The common thinking of the world and the religious world about cause and effect is exactly backwards. This is because we are born Pelagians and when people become religious they are not converted to Christ from their Pelagianism. But even true believers can be led down this path of faulty and sinful thinking as well. When we see a sinful act of a person, we think that they person has corrupted himself and brought guilty upon himself by that sin. We think of the cause and effect as the sin being the cause and the corruption and guilt being the effect. While there is some truth to that, there is also something very wrong with that. It is true that sin does corrupt and sin does bring guilt. But why did the person commit that sin in the first place? The act of sin not only brings corruption and guilt, it is a demonstration of a corrupt heart as well. A person that lives in what appears to be unrestrained sin is a person with a wicked heart that is being displayed in that unrestrained sin.

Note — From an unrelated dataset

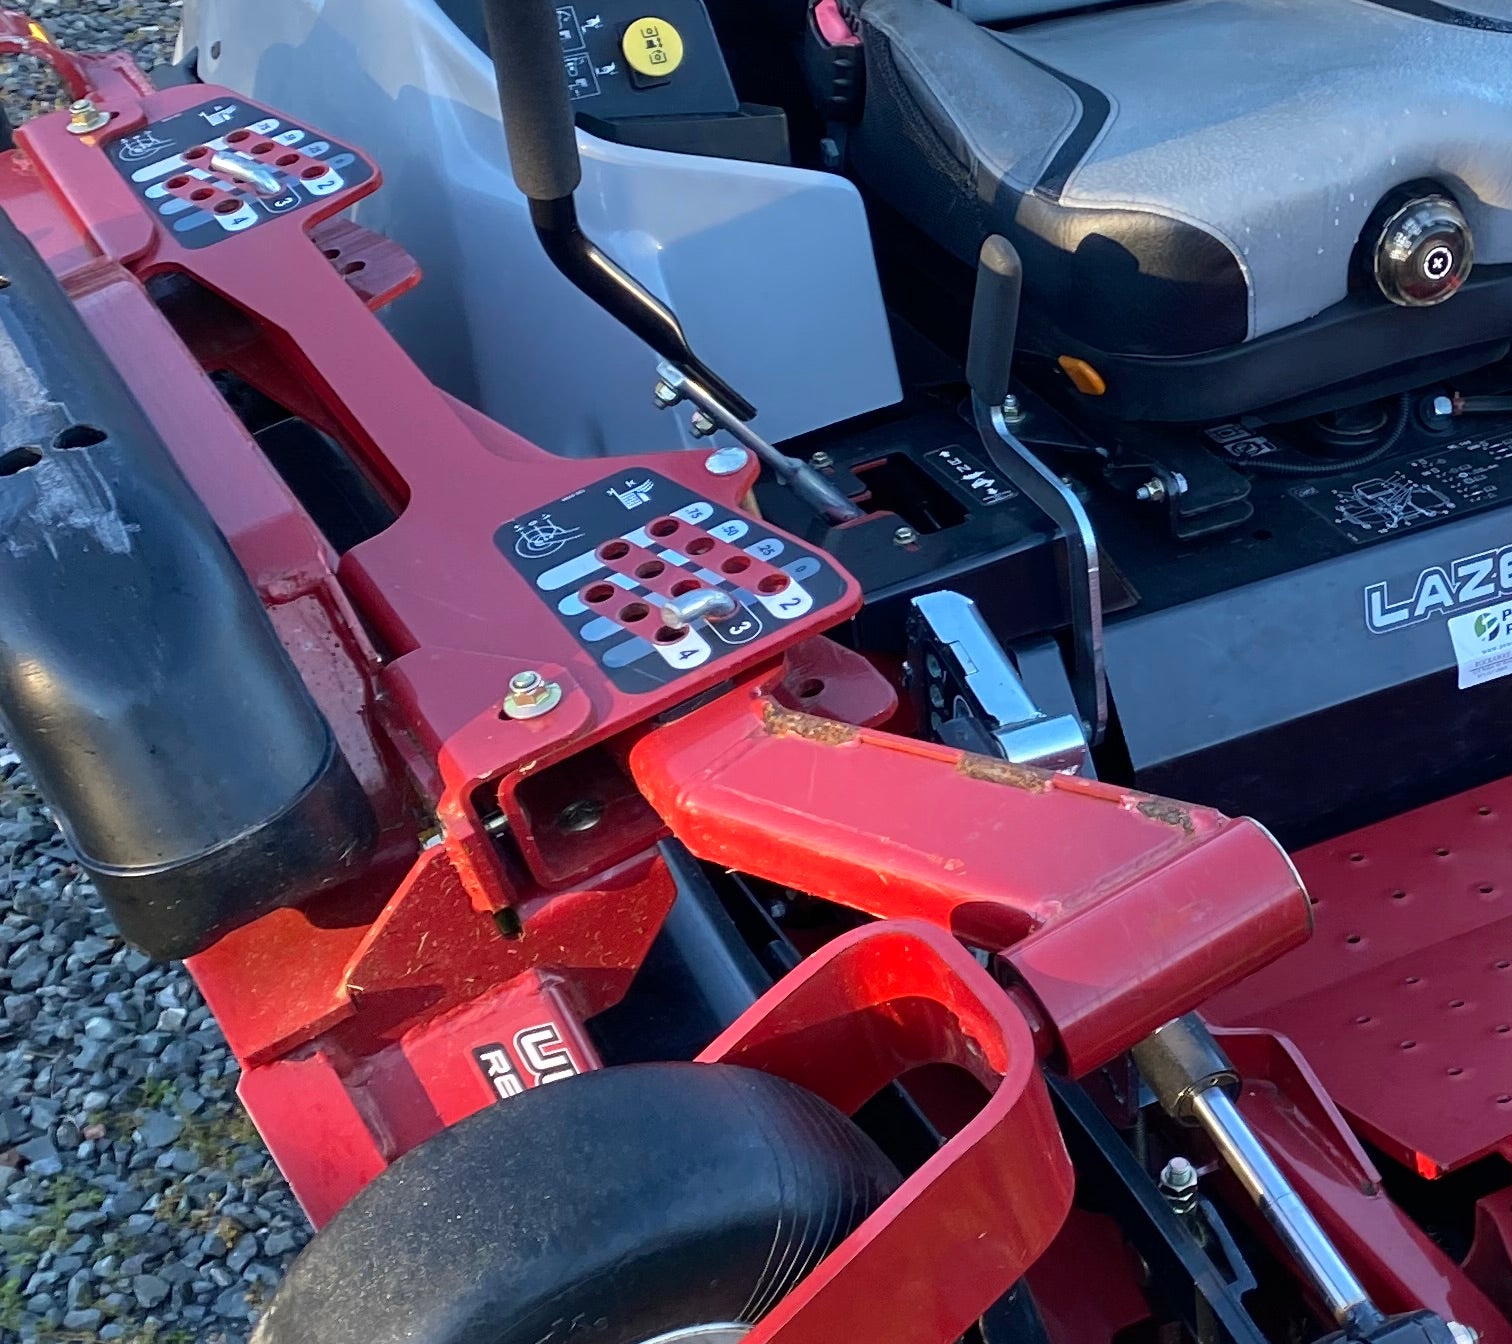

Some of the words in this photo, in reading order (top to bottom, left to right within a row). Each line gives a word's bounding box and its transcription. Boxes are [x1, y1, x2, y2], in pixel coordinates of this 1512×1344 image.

[780, 597, 801, 611] 2
[728, 621, 753, 635] 3
[679, 648, 700, 661] 4

But we can also think of the nice religious person as well. This person is nice to others and has a strict moral code. This person goes to church and is committed to many things that the church does. In other words, this person is religious in much the same way that the Pharisees were. This person thinks that s/he is religious because of what s/he does. But it is the heart that determines these things. The heart that is full of self and pride is a heart that can and will do all of its religious activities out of pride and love of self. It will look down on the outwardly sinful and think of itself as better, though indeed it can pray and thank God that it is not like those other people. But what it does not realize in its darkness of love for self and its pride is that it does what it does from the same motive as those who are outwardly sinful. In other words, the very religious person and the very outwardly sinful person can and often do have the exact same motive and desire. Both live for self, are full of self, and are blinded by pride.

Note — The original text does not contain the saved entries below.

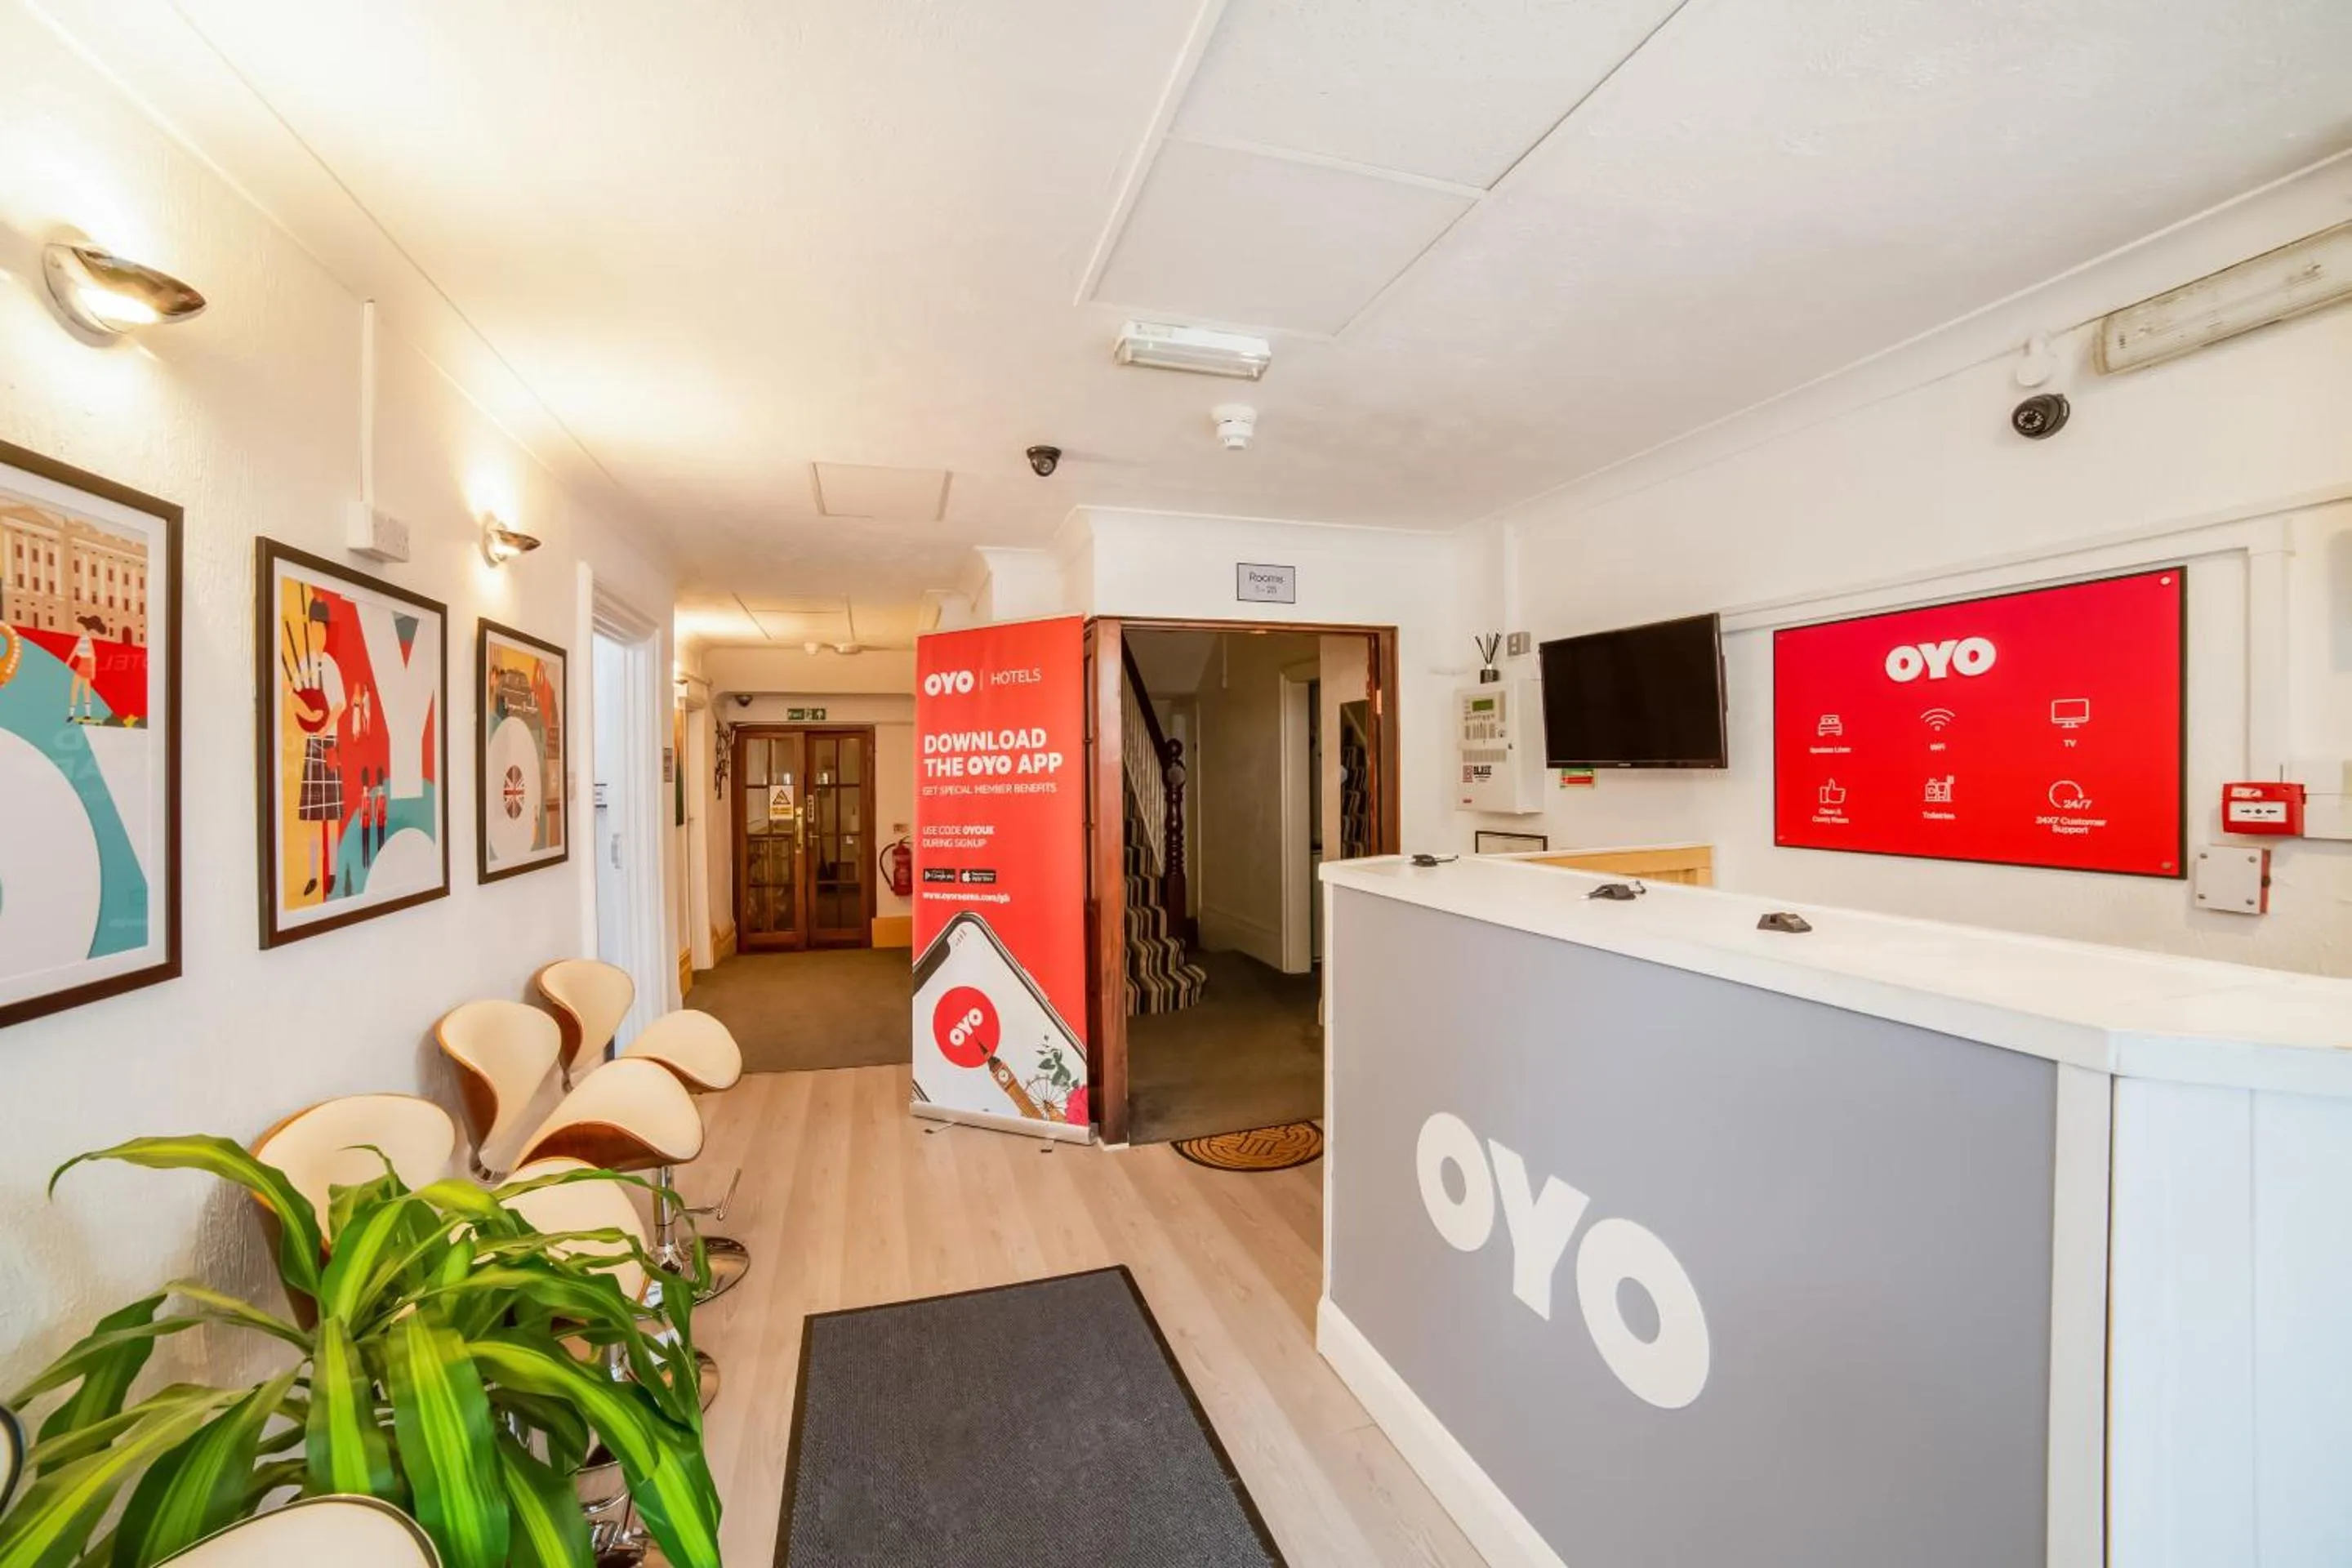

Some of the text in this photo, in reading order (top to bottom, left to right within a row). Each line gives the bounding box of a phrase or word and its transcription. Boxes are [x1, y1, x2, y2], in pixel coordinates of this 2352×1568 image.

[1249, 572, 1285, 583] Rooms
[1885, 637, 1997, 683] OYO
[924, 668, 1041, 696] OYO HOTELS
[924, 728, 1046, 754] DOWNLOAD
[2063, 739, 2077, 747] TV
[924, 752, 1063, 777] THE OYO APP
[923, 782, 1058, 796] GET SPECIAL MEMBER BENEFITS
[2063, 800, 2092, 809] 24/7
[2060, 817, 2107, 826] Customer
[923, 826, 938, 835] USE
[939, 826, 962, 835] CODE
[2051, 824, 2089, 835] Support
[923, 838, 953, 848] DURING
[949, 1008, 983, 1046] OYO
[1417, 1111, 1709, 1410] OYO

The sinful heart is put on display by the outwardly sinful person while the sinful heart is hidden more by the religious person, but that only makes it more deceitful. It is not the case that the very religious person is not living in sin and that the person’s heart is not on display, but it is the case that the pride of the very religious person is active in hiding the sinful heart from that person. In both cases, that is, of the outwardly sinful person and the very religious person, the heart is at work in deceiving them and that the wickedness of the heart is being put on display for those with eyes to see. Certainly God sees the corrupt heart on display in all the outward sin and in all the outward religious activity.

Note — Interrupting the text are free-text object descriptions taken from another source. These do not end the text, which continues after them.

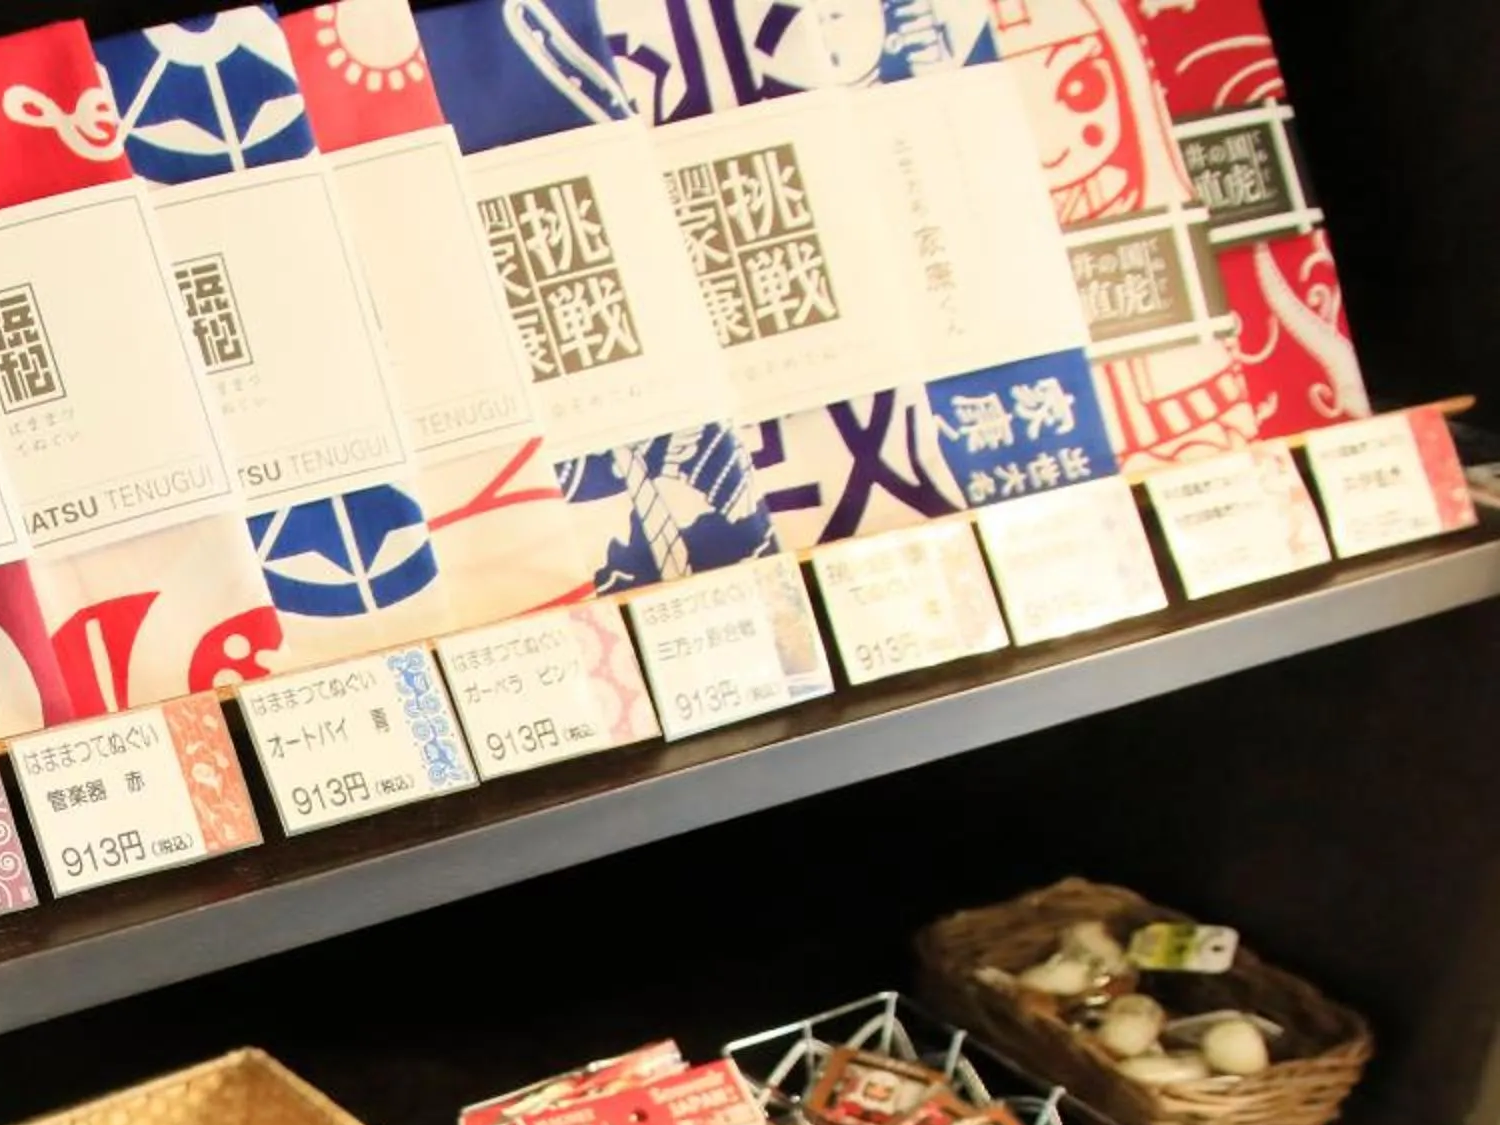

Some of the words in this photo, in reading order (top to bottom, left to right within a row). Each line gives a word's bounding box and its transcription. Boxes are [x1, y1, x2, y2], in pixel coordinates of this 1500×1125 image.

[416, 393, 519, 438] TENUGUI
[290, 434, 391, 475] TENUGUI
[23, 495, 99, 536] ATSU
[104, 464, 215, 510] TENUGUI
[251, 669, 379, 717] はままつてぬぐい
[674, 678, 742, 721] 913円
[24, 723, 160, 776] はままつてぬぐい
[266, 716, 350, 760] オートバイ
[485, 717, 560, 761] 913円
[124, 770, 147, 794] 赤
[291, 770, 372, 815] 913円
[60, 829, 148, 877] 913円

The proud heart of the self-righteous religious man is hidden from him because he judges mainly by outward actions. So the self-righteous religious person thinks that he is righteous because of his actions. Interestingly enough, many of those who are in outward sin are deceived because they think that they have good intents and motives in what they are doing. They might admit that what they are doing is wrong in and of itself, but the flatter themselves that they do them because they don’t intend wrong and that they really want to do good. So the religious person deceives himself by the outward action and the outwardly sinful person deceives himself by thinking that this inner being is better than that. But both are deceived because they don’t see the corruption of their hearts being the real problem in what they do. Both are driven by a love for self and both are blinded by that love of self as to their real hearts.
This gets at a vitally important issue. If preachers and teachers don’t deal with the issues of the heart, they will only be helping people deceive themselves in the things of religion. External morality is a great evil in the sense that it does not promote true love for God and it hides a man’s self-centered and proud heart from him. Being orthodoxy in doctrine is not the same thing as having a heart that loves God and is being freed from the bondage of sin and of a corrupt heart. An external repentance is not the same thing as a true repentance of the heart. If Thomas Adam is right that it is a fatal mistake to think of corruption as being from the commission of sin rather than from the heart, it is a fatal mistake for preachers to only preach to the externals in doctrine and practice as well.